Bisauri is a village of the Jaunpur district, Uttar Pradesh, Northern India. Bisauri's Postal Index Number is 222129 and its post office is at Patrahi. The village is also a Gram Panchayat, comprising itself and the village of Tiwaripur.

==Geography==
The area of Bisauri village is 2 km2 and it is the 127th biggest village by area in the sub-district. Kerakat is nearest town, and Varanasi and Jaunpur are the nearest cities.

Bisauri belongs to Varanasi division and Jaunpur district administration. It is located 49 km east of the city of Jaunpur, and 306 km from Lucknow, the capital of Uttar Pradesh.

==Education==
Primary education is provided in the village by Prathmik Vidyalaya and Uchchatar Madhyamik Vidyalaya.
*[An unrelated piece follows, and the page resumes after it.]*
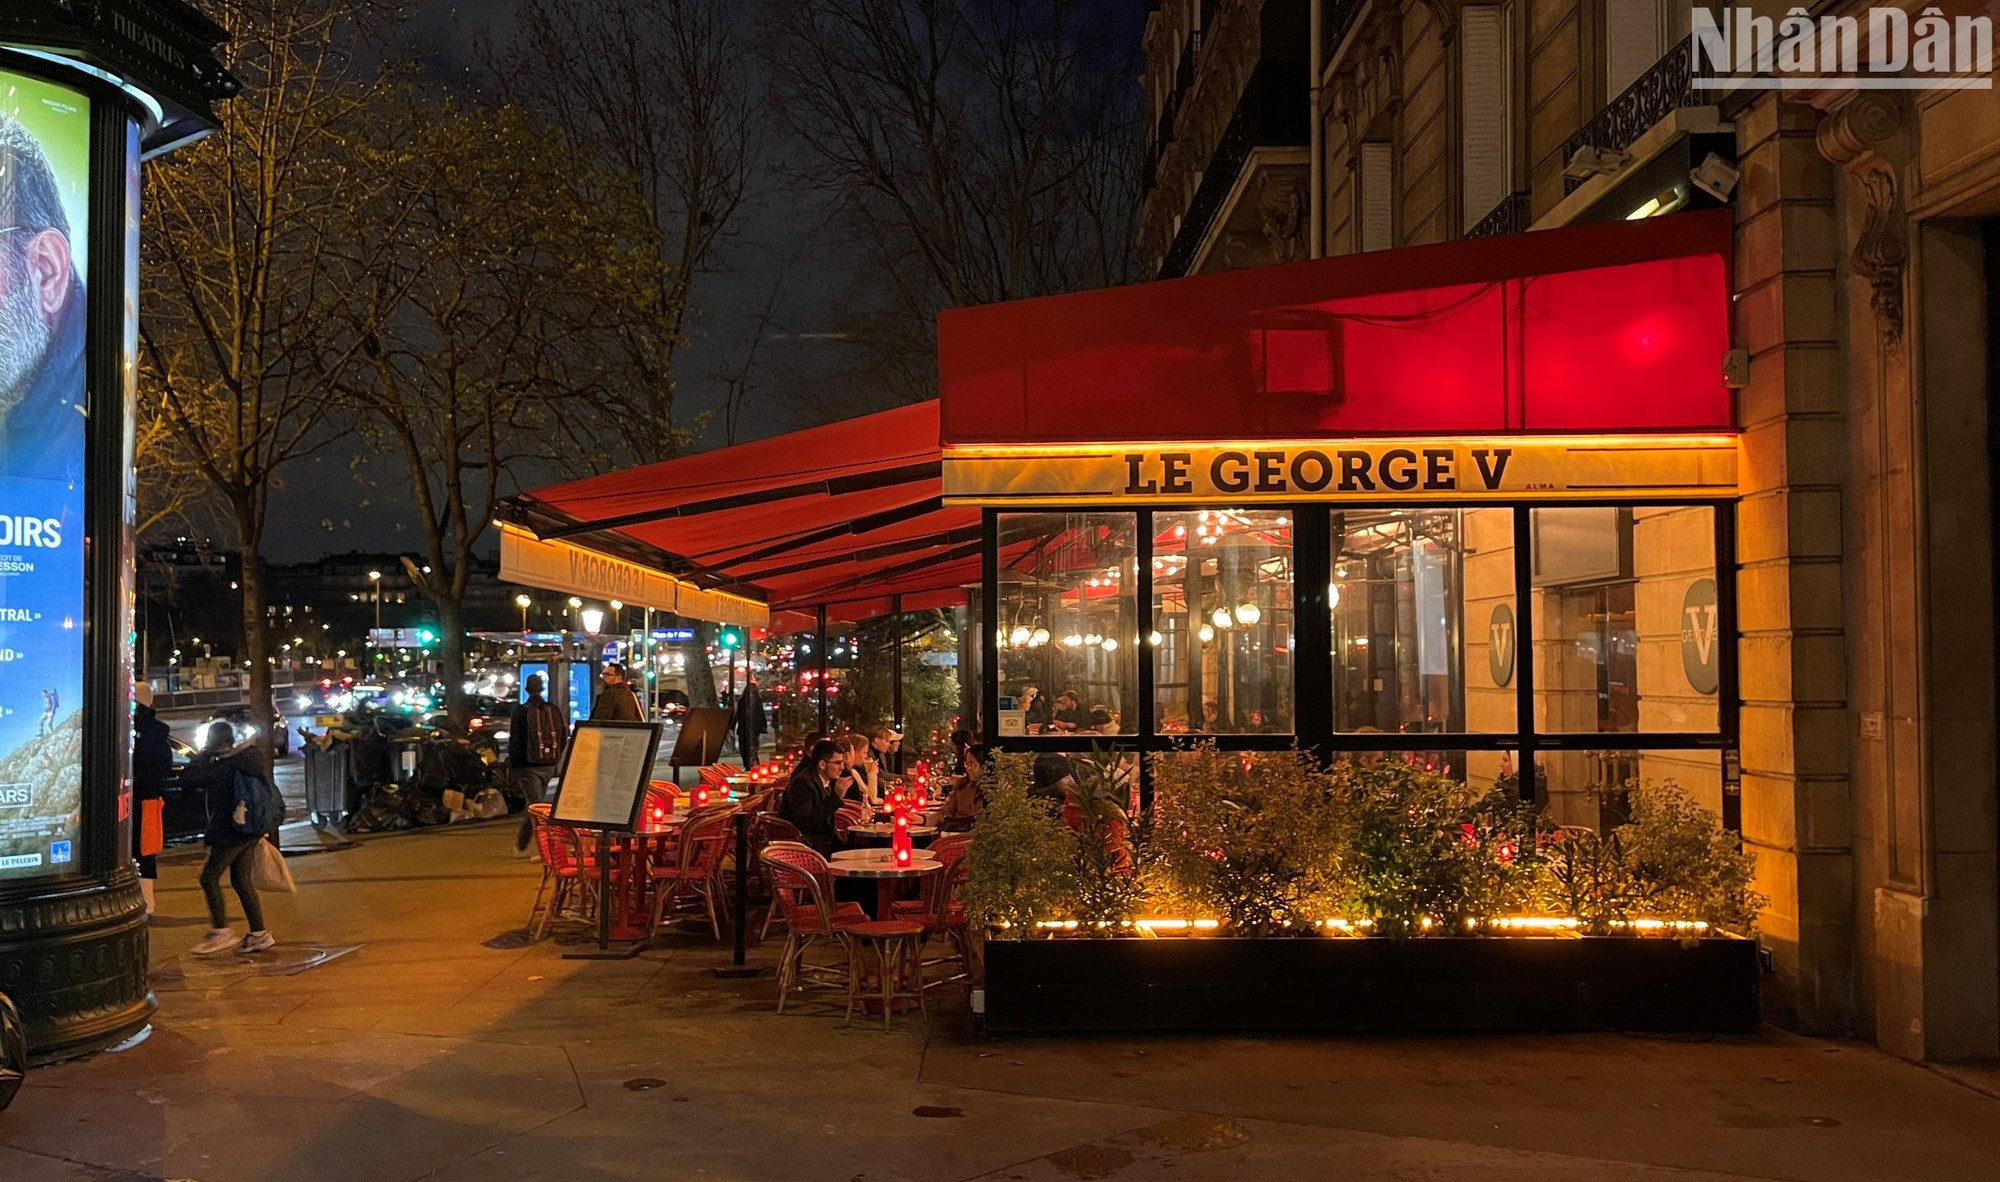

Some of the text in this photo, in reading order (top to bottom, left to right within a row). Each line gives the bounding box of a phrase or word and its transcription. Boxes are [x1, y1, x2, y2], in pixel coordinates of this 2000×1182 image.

[1125, 449, 1512, 494] LE GEORGE V
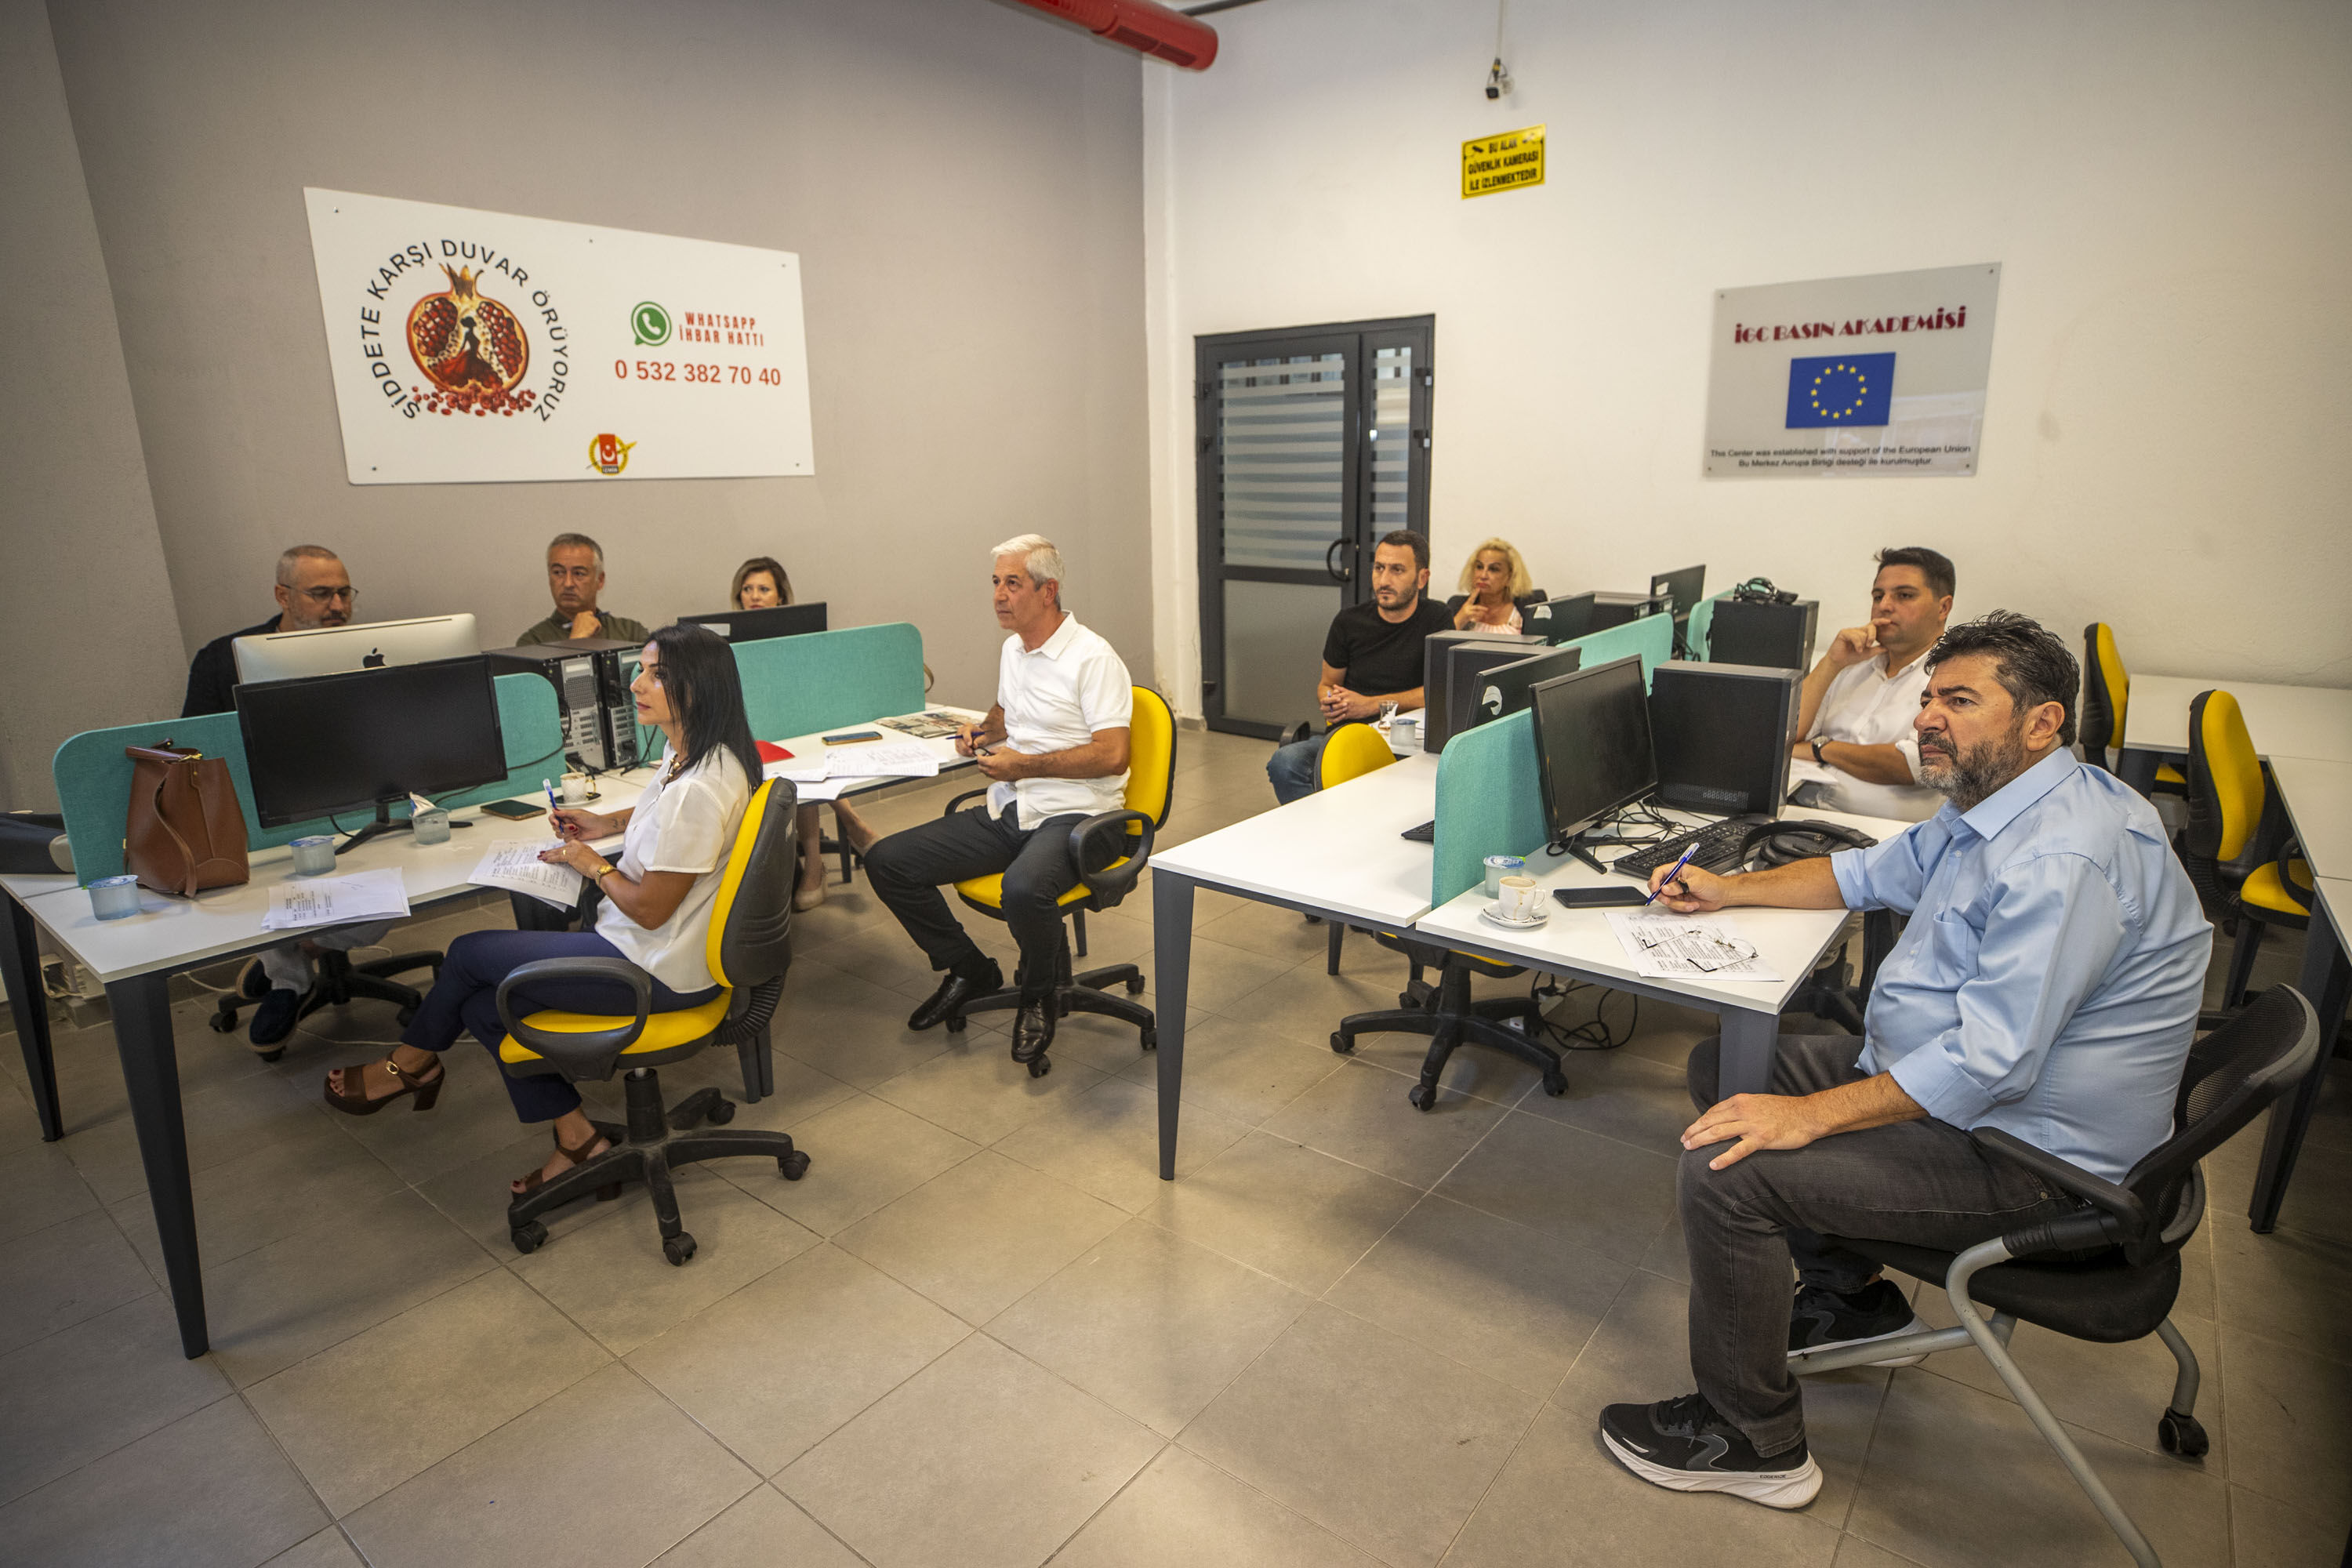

Further education is provided elsewhere.

==Transportation==

===Rail===
Dudhaunda railway station, Dobhi Railway Station and Kerakat railway station are the nearest railway stations.
Dobhi is a stop of many trains for big cities such as Mumbai, Delhi and other cities.

===Road===
Aside from being connected to Jaunpur, Bisauri is also connected by road to Varanasi, Azamgarh, Ghazipur and other cities of Uttar Pradesh.

===Air===
The closest major airport to Bisauri is Lal Bahadur Shastri Airport at Babatpur, Varanasi, 45 km by road. Another nearby airport is Azamgarh Airport.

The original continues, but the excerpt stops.